Treatment improves Alzheimer's symptoms
The loss of interest and motivation in daily life experienced with Alzheimer's disease was successfully decreased in patients in a recent trial.
"Apathy is one of the most common effects of Alzheimer's disease (AD). It decreases these patients' quality of life, it has been shown to worsen their ability to carry out activities of daily living, and it is often a key contributing factor to being institutionalized," says Dr. Krista Lanctôt, primary author of a new study and neuropsychopharmacologist at Sunnybrook. "If we can treat the apathy, then we may be able to prevent this downward spiral and really, change the course of illness for someone with Alzheimer's disease."

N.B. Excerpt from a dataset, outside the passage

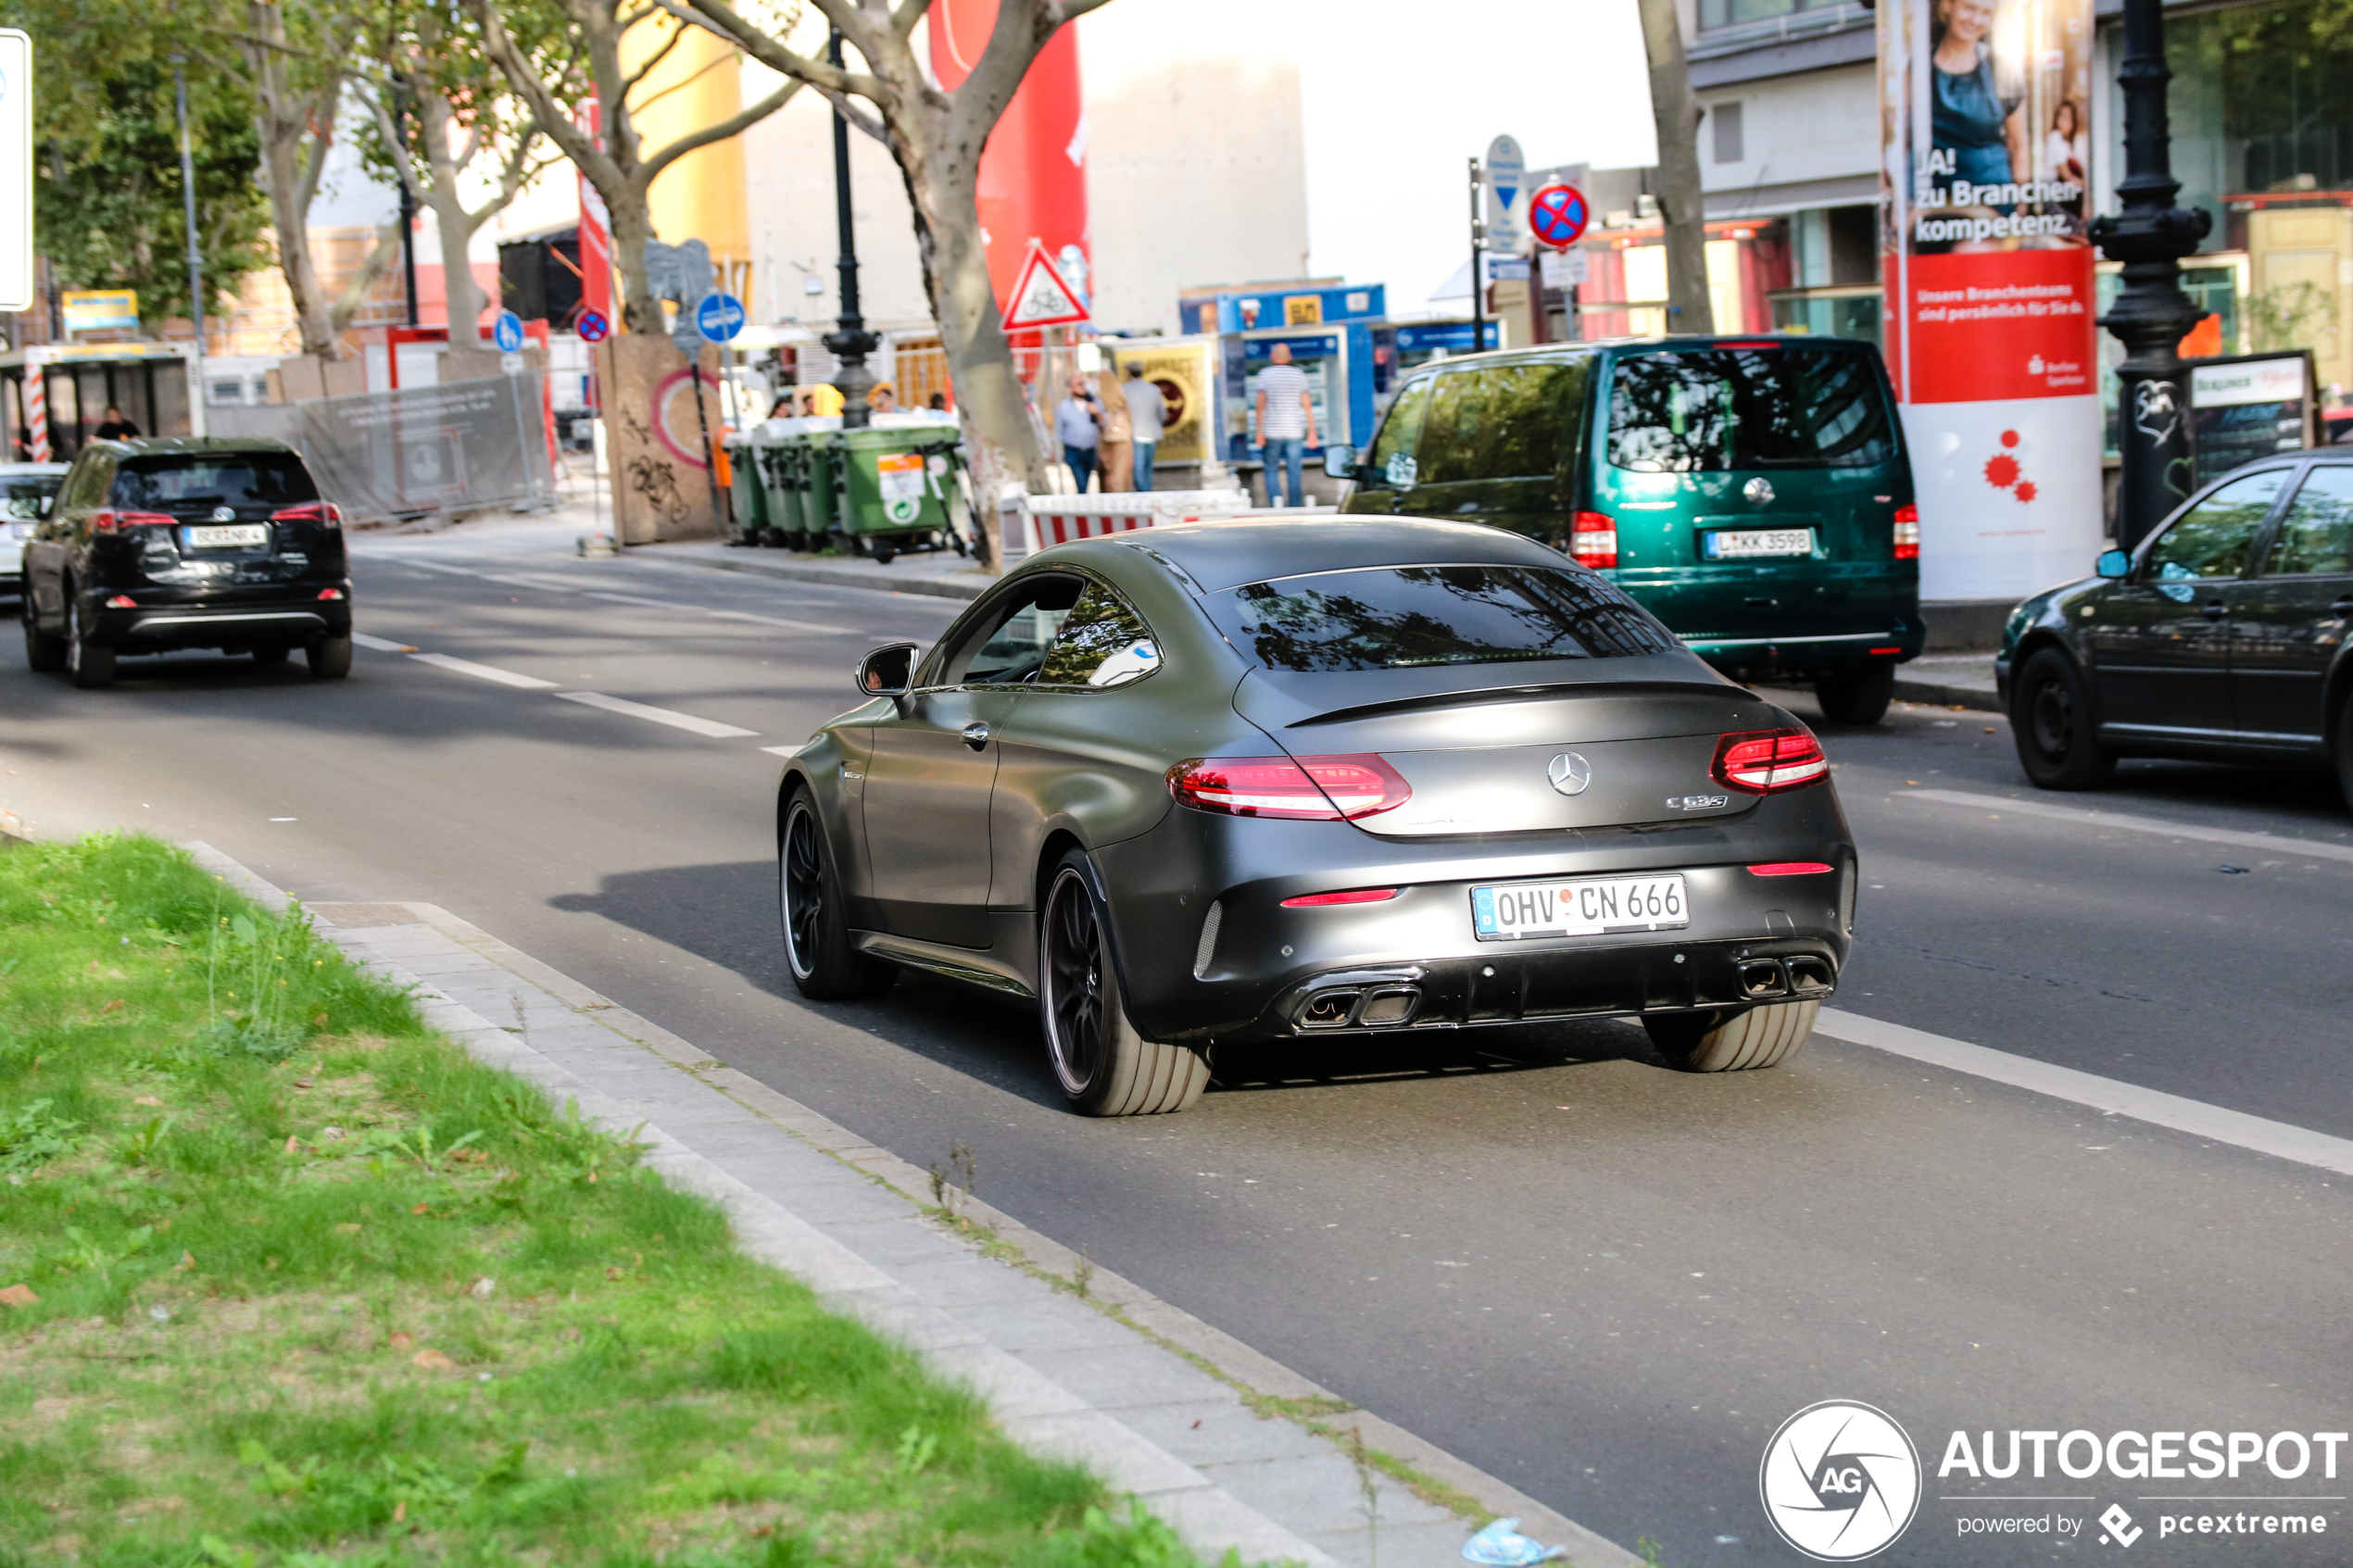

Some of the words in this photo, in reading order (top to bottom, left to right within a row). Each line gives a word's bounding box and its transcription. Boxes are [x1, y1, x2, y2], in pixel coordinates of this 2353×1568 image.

Study participants randomized to receive treatment were treated for six weeks with the drug methylphenidate, and showed a significant reduction in apathy symptoms, as well as some improvements in "global cognition" which includes attention, memory, language, learning, reasoning, problem solving and decision making.
"This treatment is promising as it appears to be effective and with minor side effects," says Dr. Nathan Herrmann, head of Geriatric Psychiatry at Sunnybrook. "We require further research."
Preliminary data were presented at the Alzheimer's Association International Conference in July 2012, and a manuscript is currently in press with The Journal of Clinical Psychiatry.
"This research aims to understand and treat effects of the disease for those who are diagnosed with it. So that one may have Alzheimer's disease but maximize quality of life for a longer period of time," says Lanctôt.